Aos EUA juntaram-se vários aliados ocidentais na condenação às acções do Azerbaijão em Nagorno-Karabakh, que poderão ter o condão de desequilibrar a situação geopolítica no Cáucaso do Sul, uma verdadeira manta de retalhos atravessada por oleodutos e gasodutos e onde a influência é disputada não só pela Rússia e pelos EUA mas também pela Turquia e pelo Irão.
Nos últimos dias, a Rússia tem afirmado que a Arménia só pode culpar-se a si própria pela intervenção vitoriosa do Azerbaijão em Karabakh porque, em vez de trabalhar com Moscovo e Bacu para garantir a paz, resolveu antes aproximar-se do Ocidente.
“Partimos para nos mantermos vivos”
Famílias arménias em fuga, famintas e exaustas, continuavam esta terça-feira, a lotar a estrada que liga o Nagorno-Karabakh à Arménia, com os Estados Unidos e a União Europeia a apelarem ao Azerbaijão que garantisse a protecção dos civis e deixasse entrar a ajuda humanitária no território.
Pelo menos 28 mil dos 120 mil arménios que vivem em Nagorno-Karabakh já atravessaram a fronteira para a Arménia, informaram ao fim da tarde as autoridades de Erevan.
Alguns fugiram em camiões de caixa aberta, outros em tractores.
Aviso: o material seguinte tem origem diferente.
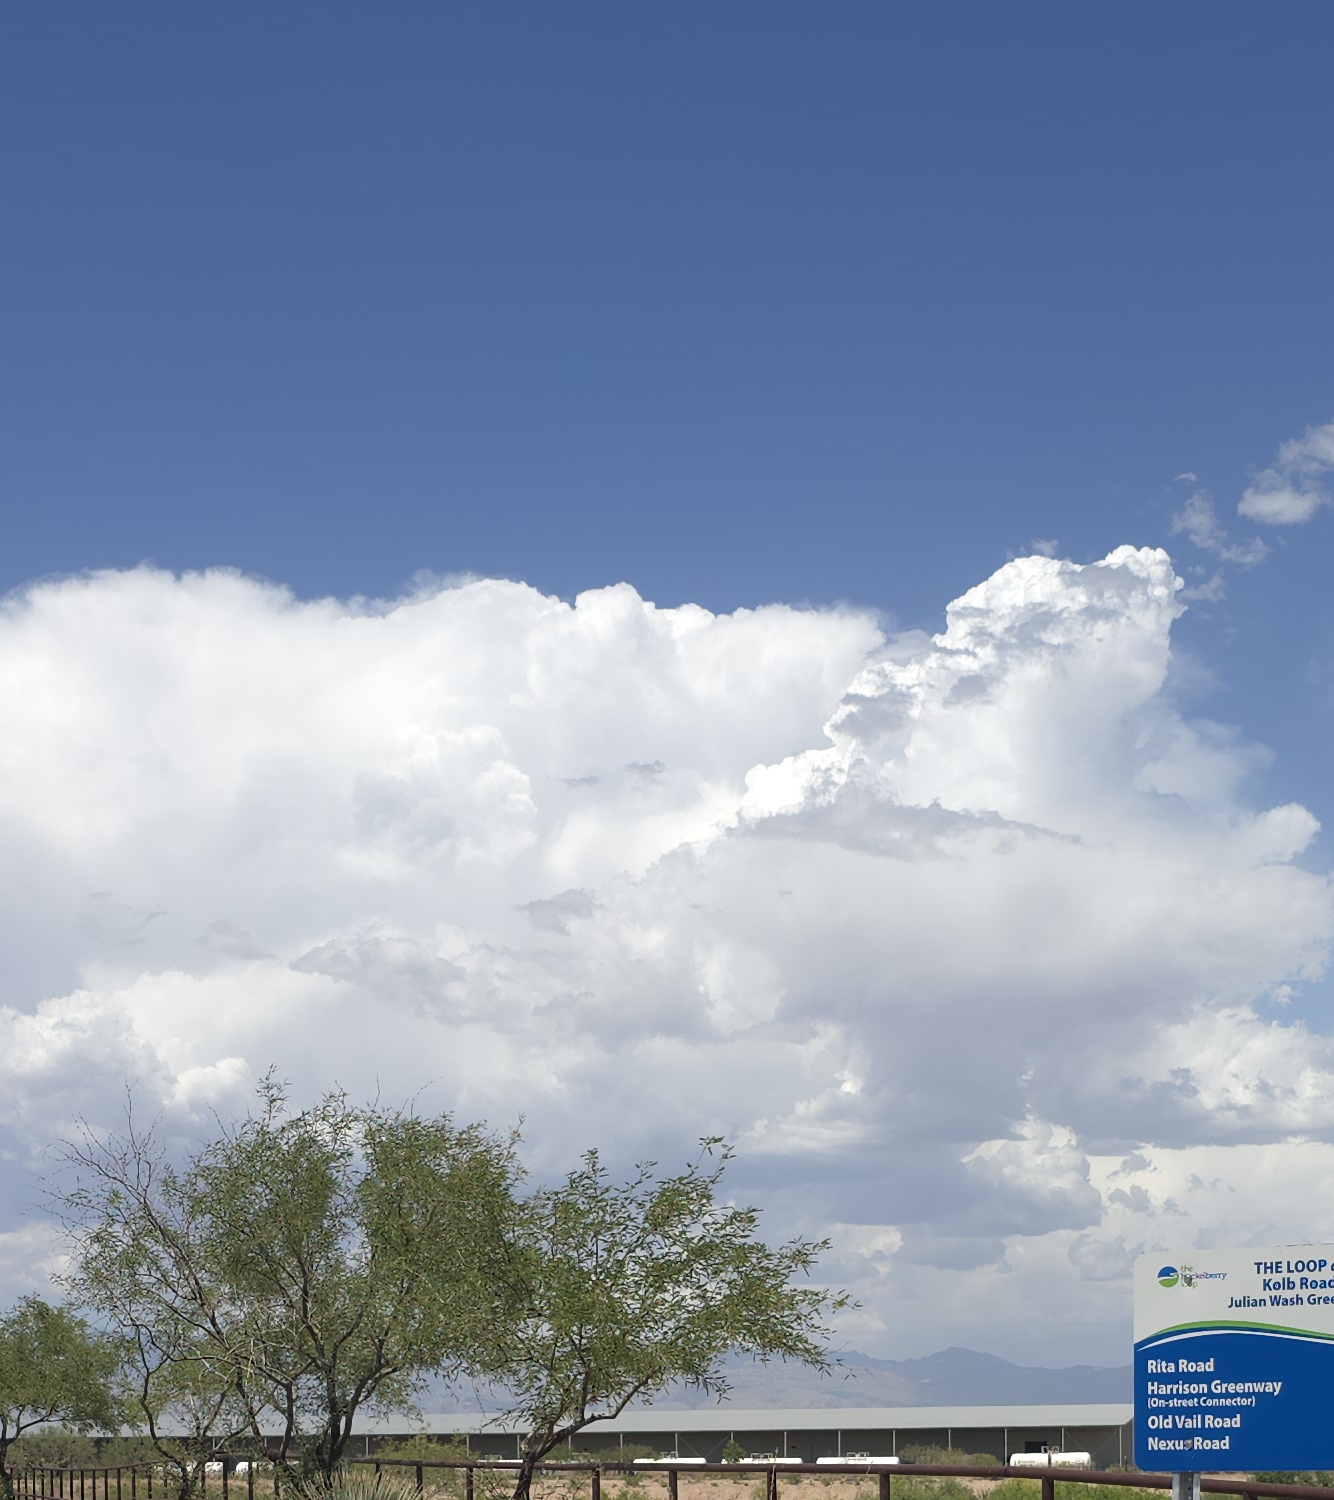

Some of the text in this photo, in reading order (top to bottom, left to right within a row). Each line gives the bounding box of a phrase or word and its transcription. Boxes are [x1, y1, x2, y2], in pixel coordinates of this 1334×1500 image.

[1254, 1260, 1283, 1275] THE
[1286, 1259, 1327, 1274] LOOP
[1263, 1277, 1296, 1291] Kolb
[1228, 1295, 1267, 1309] Julian
[1269, 1293, 1304, 1307] Wash
[1147, 1358, 1175, 1374] Rita
[1178, 1357, 1215, 1373] Road
[1147, 1380, 1208, 1395] Harrison
[1210, 1379, 1282, 1396] Greenway
[1147, 1395, 1256, 1409] (On-street Connector)
[1147, 1414, 1173, 1429] Old
[1175, 1414, 1202, 1429] Vail
[1204, 1413, 1241, 1429] Road
[1193, 1435, 1230, 1450] Road
Narine Shakaryan chegou no carro velho do genro, com seis pessoas lá dentro. A viagem de 77 km demorou 24 horas, sem nada para comer, disse.
“Durante todo o percurso, as crianças choravam, tinham fome”, disse Shakaryan à Reuters, na fronteira, carregando a neta de três anos, que, segundo ela, adoeceu durante a viagem. “Partimos para nos mantermos vivos, não para viver”, acrescentou.
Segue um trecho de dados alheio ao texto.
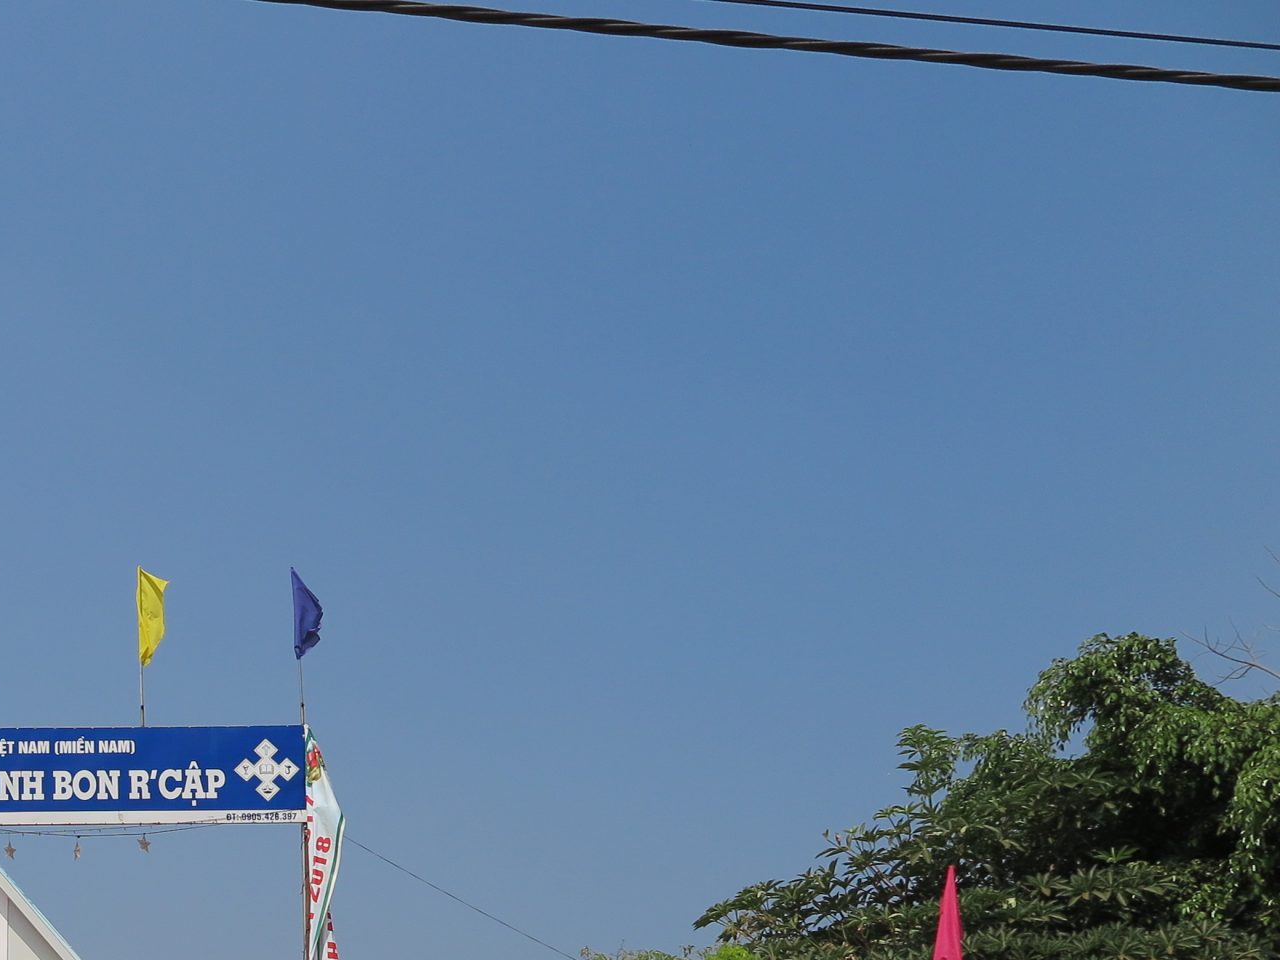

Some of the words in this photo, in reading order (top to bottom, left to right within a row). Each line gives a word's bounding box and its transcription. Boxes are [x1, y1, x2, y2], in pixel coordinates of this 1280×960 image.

[18, 741, 50, 754] NAM
[54, 736, 94, 755] (MIỀN
[98, 740, 135, 755] NAM)
[52, 770, 120, 801] BON
A responsável da Agência dos Estados Unidos para o Desenvolvimento Internacional (USAID, na sigla em inglês), Samantha Power, esteve esta terça-feira na capital da Arménia e apelou ao Azerbaijão para que “mantenha o cessar-fogo e tome medidas concretas para proteger os direitos dos civis em Nagorno-Karabakh”.
Power, que entregou ao primeiro-ministro arménio, Nikol Pashinyan, uma carta de apoio do Presidente dos EUA, Joe Biden, disse que o uso da força pelo Azerbaijão era inaceitável e que Washington estava a estudar uma resposta adequada. Esta terça-feira, numa conversa telefónica, o Presidente do Azerbaijão, Ilham Aliyev, prometeu ao chefe da diplomacia dos EUA, Antony Blinken, que o seu governo não levaria a cabo mais acções militares no território.